Concentration difficulties may accompany symptoms of chronic metabolic diseases such as:

- Abdominal pain
- Abnormal heart rhythms (tachycardia or bradycardia)
- Changes in the skin
– Confusion or even loss of consciousness for brief moments
- Shortness of breath or rapid breathing
- Fatigue
- Sharp sensation of thirst
- Frequent urination or reduced urine or its absence
- Breath with fruity odor
- Muscle weakness
- Nausea with / without vomiting.

Concentration difficulties may manifest with symptoms of other problems, such as those specific to trauma, stroke, dementia or other mental illness. Examples include:

- Changing sleep patterns
- Changes in mood, personality or behavior
- Confusion or loss of consciousness, even for short time
- Problems with memory, thinking, speaking, understanding, writing or reading
- Impaired balance and coordination
- Loss or change of vision
- Nausea with / without vomiting
- Numbness, weakness or paralysis
- Seizures
- Severe headaches.

In some cases, concentration difficulties can be a symptom of conditions that could even put a person’s life in danger, which should be evaluated in a framework of emergency. Seek immediate emergency care, if you or someone around you have any of the following events:

- Changing level of consciousness or alertness, such as lack of reaction
- Sudden change in behavior or mental state: confusion, delirium, lethargy, hallucinations or delusions
- Speech disorders, speech unclear or inability to speak
- High fever
- Infant cries or screams sharp or small child
- Incapacity to move a body part or paralysis
- Loss of appetite, unusual sleepiness or irritability in a child
- Seizures
- Stiff neck
- Sudden change in vision, loss of vision or eye pain
- Trauma to the head
- Exacerbated headache.

Tips to improve concentration

To improve the level of concentration, the first thing you can do is to determine the cause difficulty concentrating. By eliminating the reasons and lifestyle changes, the situation can be improved considerably.

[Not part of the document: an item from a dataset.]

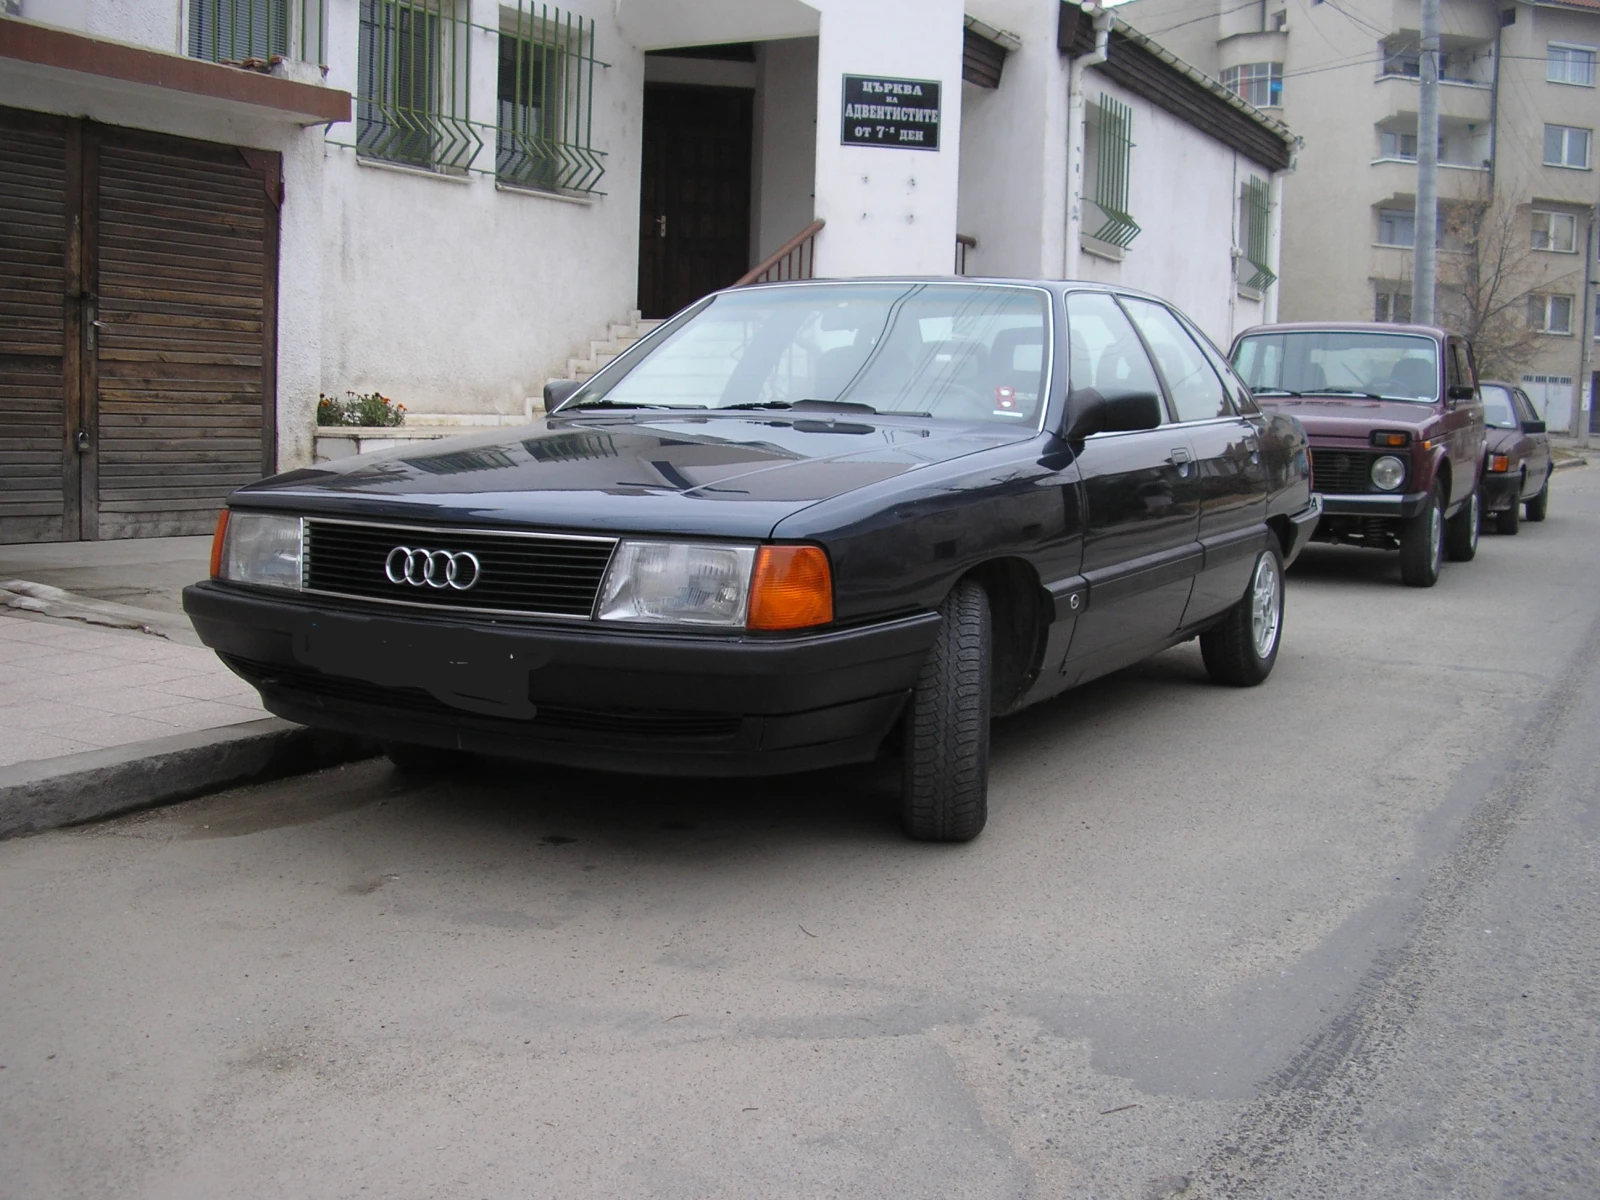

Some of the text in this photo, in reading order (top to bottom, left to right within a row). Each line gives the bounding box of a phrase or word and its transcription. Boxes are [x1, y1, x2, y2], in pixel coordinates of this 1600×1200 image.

- Lifestyle changes – people experiencing this problem should make some lifestyle changes such as quitting or reducing alcohol intake, sugar and caffeine.
- A healthy diet, rich in nutrients such as omega-3 and omega-6, considered substances that stimulate brain activity and help improve concentration.
- Sleep at least 8 hours a night consistently, meditation, yoga and breathing techniques can reduce stress and anxiety to help a person concentrate better. Brain exercise can be useful as well (puzzle, sudoku, etc.).

Treatment for difficulties in concentration associated with menopause

The presence of a hormonal imbalance, as is common in menopause, can trigger a series of symptoms including difficulty concentrating. There are various medical treatments, in this case, which proved that women can improve mental concentration, by regulating hormone levels.

When hormones will return the values in their natural state, women will find that concentration difficulties disappear, along with other symptoms of hormonal imbalances during menopause.